I DROVE OUT OF the city along Route 9, south,
toward the suburbs. The weather was coming in from across the
Hudson River. Light rain strafed the windshield of my twelve year
old Volkswagen Cabriolet—the fire-engine red convertible that had
been a personal gift from Molly weeks before she died. I was
feeling a little unsettled inside my own skin, knowing that on the
back seat resided Franny’s ‘Listen’ canvas. He’d never before
gifted to me a single piece of his art. Maybe I was more than
honored to accept this one. But I couldn’t help wondering why he’d
chosen this day on this particular week to give it to me. Since I
couldn’t possibly answer my own question, at least not at this
point, I decided to try and think about something altogether
different.

I tried to think about nothing, focusing my
eyes on the broken line-stripes that shot beneath the speeding
Cabriolet like quick brush strokes of vivid yellow.

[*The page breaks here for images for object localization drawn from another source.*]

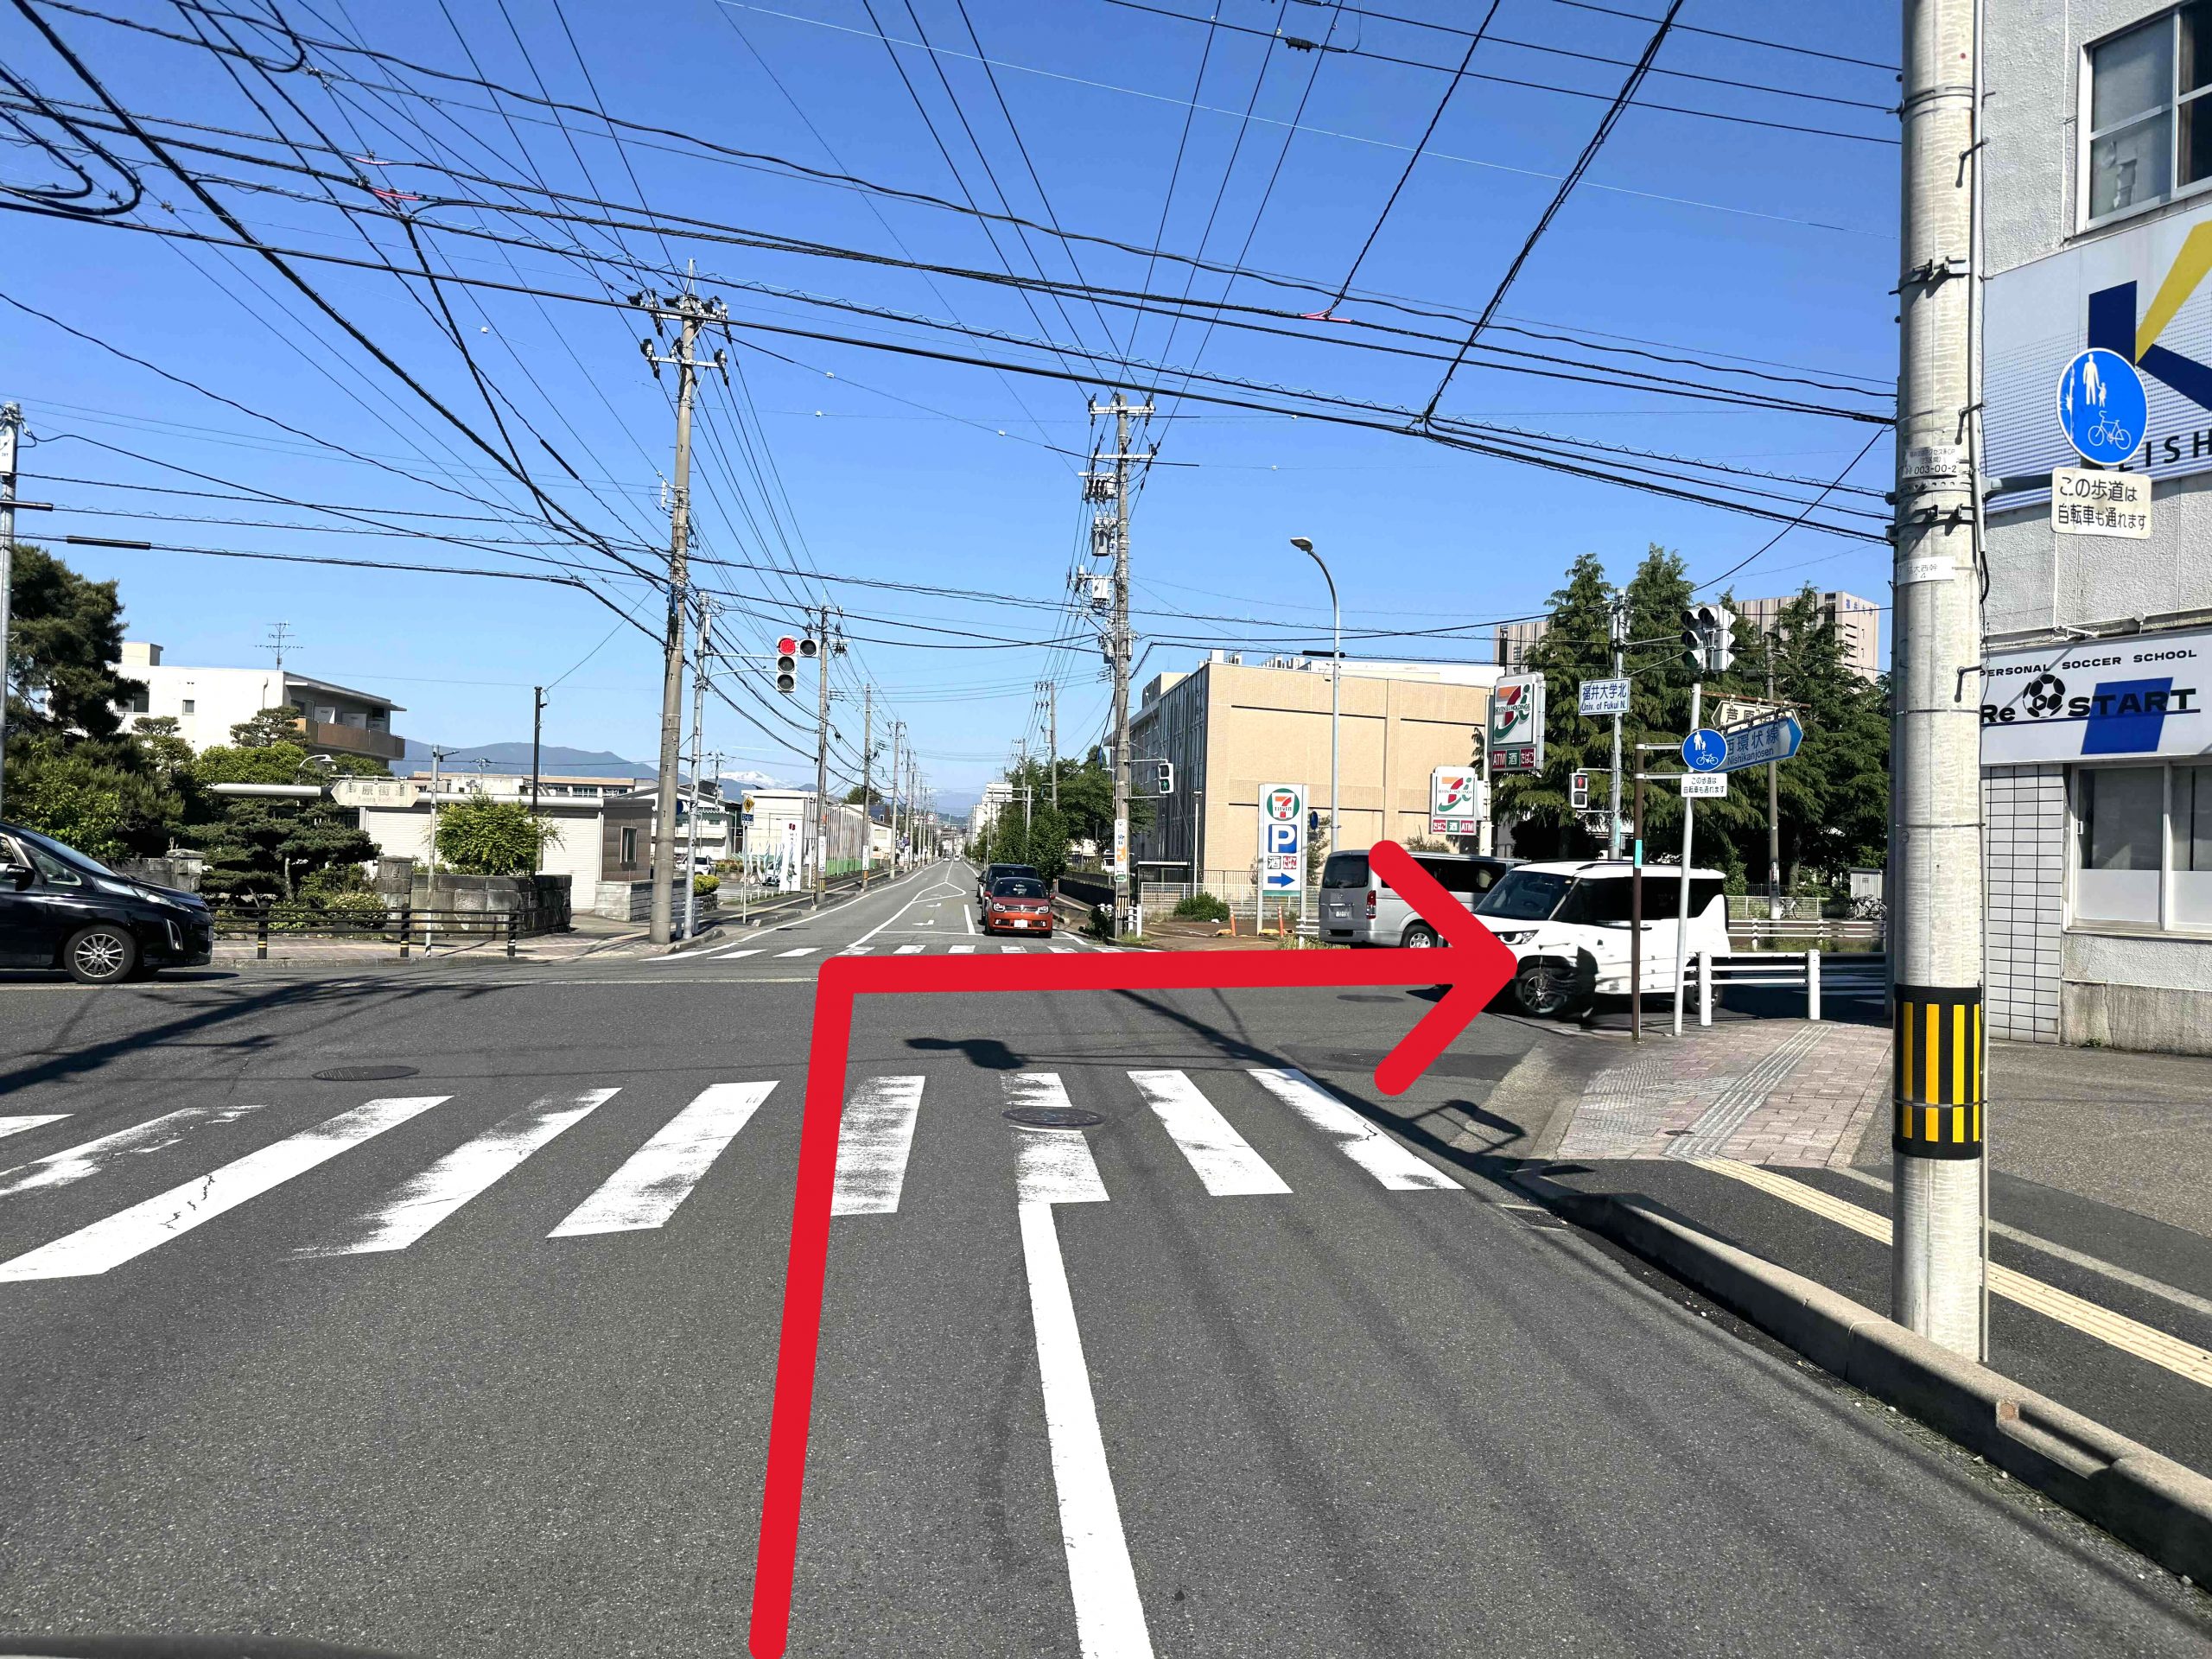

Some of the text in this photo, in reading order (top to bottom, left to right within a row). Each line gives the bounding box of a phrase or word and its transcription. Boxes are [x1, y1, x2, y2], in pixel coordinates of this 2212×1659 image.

[2060, 477, 2138, 502] この歩道は
[2058, 503, 2147, 531] 自転車も通れます
[1980, 649, 2197, 678] PERSONAL SOCCER SCHOOL
[1582, 683, 1627, 701] 福井大学北
[1581, 702, 1595, 711] Univ.
[1604, 701, 1619, 709] Fukui
[1980, 688, 2196, 723] Re START
[1726, 725, 1780, 756] 西環状線
[1493, 753, 1506, 766] ATM
[1508, 753, 1518, 766] 酒
[1521, 752, 1535, 765] たばこ
[1728, 748, 1774, 766] Nishikanjosen
[1461, 823, 1474, 832] ATM
[1272, 825, 1296, 853] P

But I didn’t really see them.

Instead of doing the right thing and thinking
of nothing, I made the mistake of doing the wrong thing: thinking
of Franny’s painting—the large field and the dark woods—and how it
somehow reminded me of Molly. That’s all it took for the memories
of three decades past to take over…

Just ahead of me Molly is walking through
the tall grass far behind my parents’ farmhouse, toward the thick
woods on the field’s opposite side. She’s wearing cut-offs and a
red T-Shirt sporting a ‘Paul McCartney and Wings’ logo on the
front, a list of dates for the ‘Wings Over America’ tour printed on
the back. The bangs of her blonde hair are bobbing like a pendulum
against her shoulders as she walks, just like my own hair.

It’s warm.

Unusually warm for an early October day.
What Trooper Dan calls ‘Indian Summer’. Molly is whistling ‘Band on
the Run’. She is forever ahead of me in more ways than one—a happy,
carefree, fearless facsimile of myself. The closer we come to the
woods on the opposite side of the grassy field, the more my stomach
cramps up, my heart beats, pulse soars.


I don’t think we should go any further,
Mol,” I say, recalling Trooper Dan’s strict rules.

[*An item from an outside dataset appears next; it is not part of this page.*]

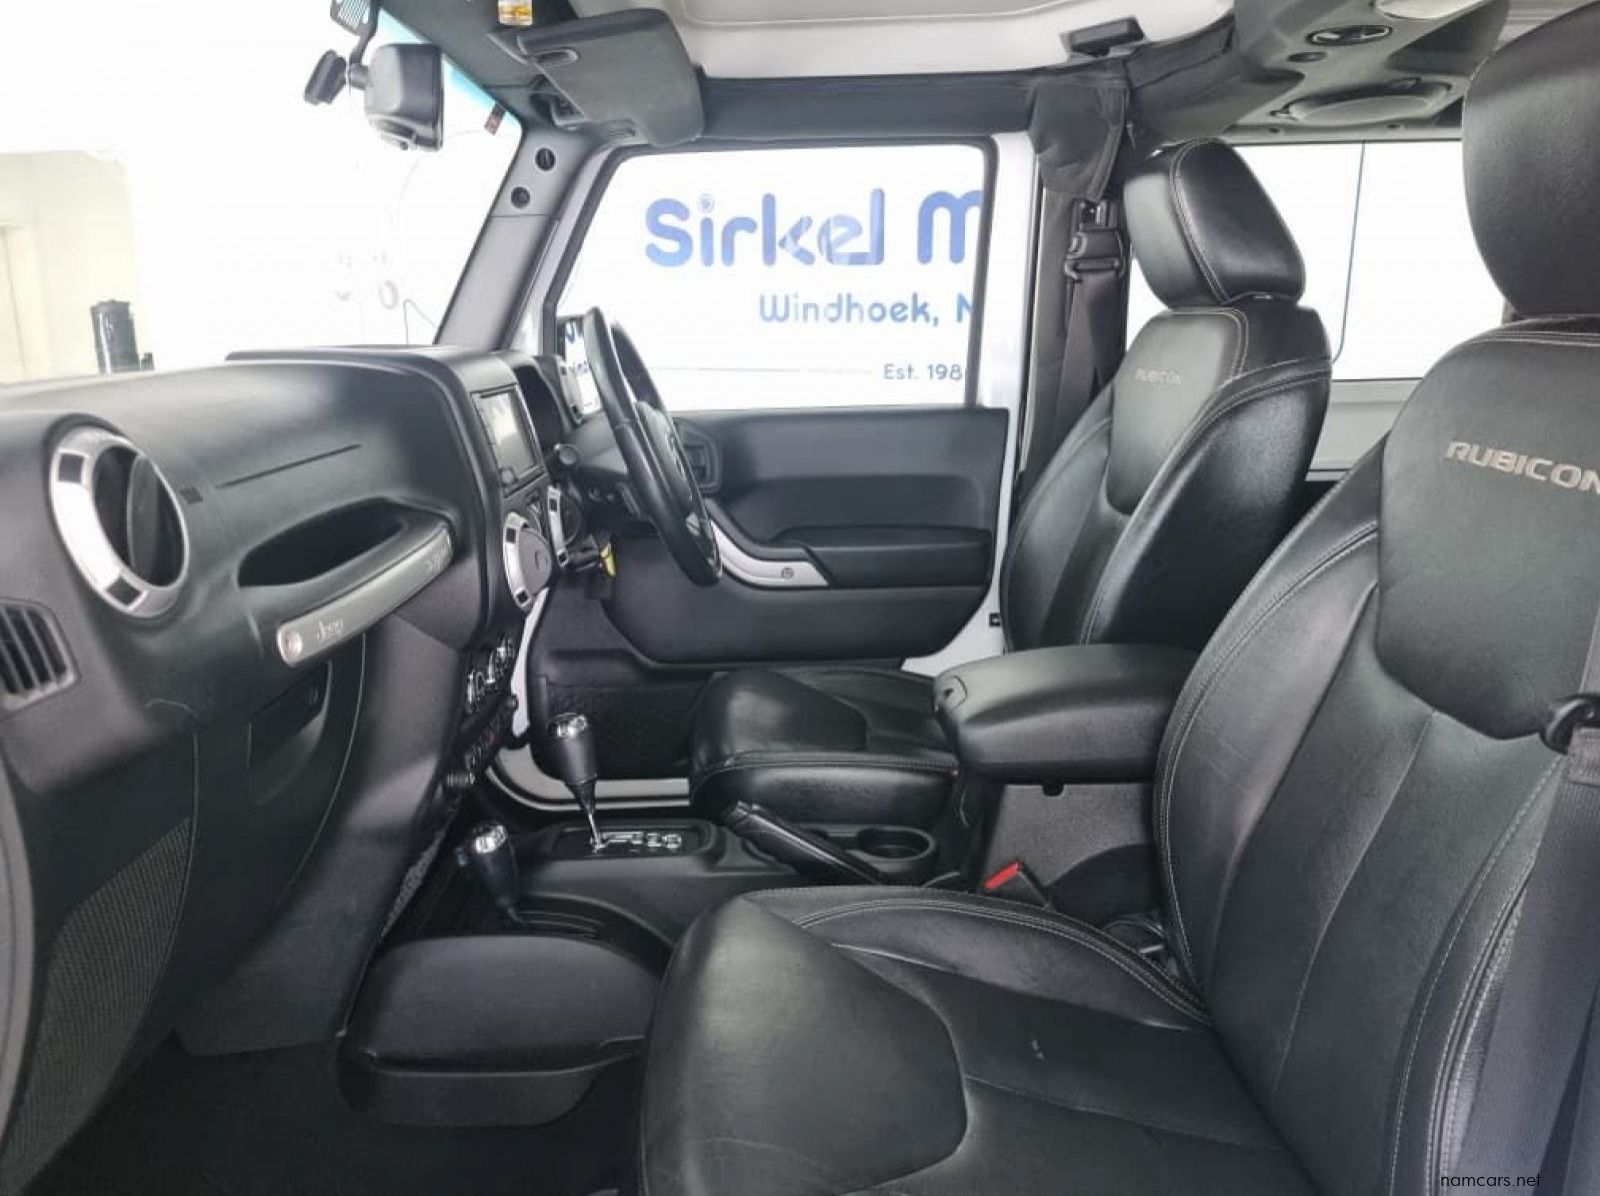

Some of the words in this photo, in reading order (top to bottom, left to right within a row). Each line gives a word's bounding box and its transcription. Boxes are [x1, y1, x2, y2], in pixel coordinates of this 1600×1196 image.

[645, 187, 885, 268] Sirkel
[759, 292, 939, 328] Windhoek,
[883, 363, 918, 381] Est.
[1445, 440, 1600, 495] RUBICON

But Molly being Molly, she will not be
deterred. She defiantly holds up her right hand, waves me on like
John Wayne does the cavalry…

But then
the daydream suddenly shifts to a hospital room’s top floor,
Hospice Center.
It’s twenty years later. The hospital room is not a place
for healing. In Molly’s own words, it is a place for ‘checking
out’. The room is dark and cool, shades drawn, baby blue curtains
pulled back. The walls are not your basic hospital white. Serenity
is the word of the day here. The smell of the day is worms. The
walls are covered in dark, faux mahogany. Because dying can take a
while, there is a small kitchenette complete with hot-plate and
mini-fridge. There’s a private bath and a wall-mounted
hand-sanitizer dispenser. There’s a ceiling-mounted television for
passing whatever time Molly has left and curiously, not a single
mirror to be found anywhere inside the room.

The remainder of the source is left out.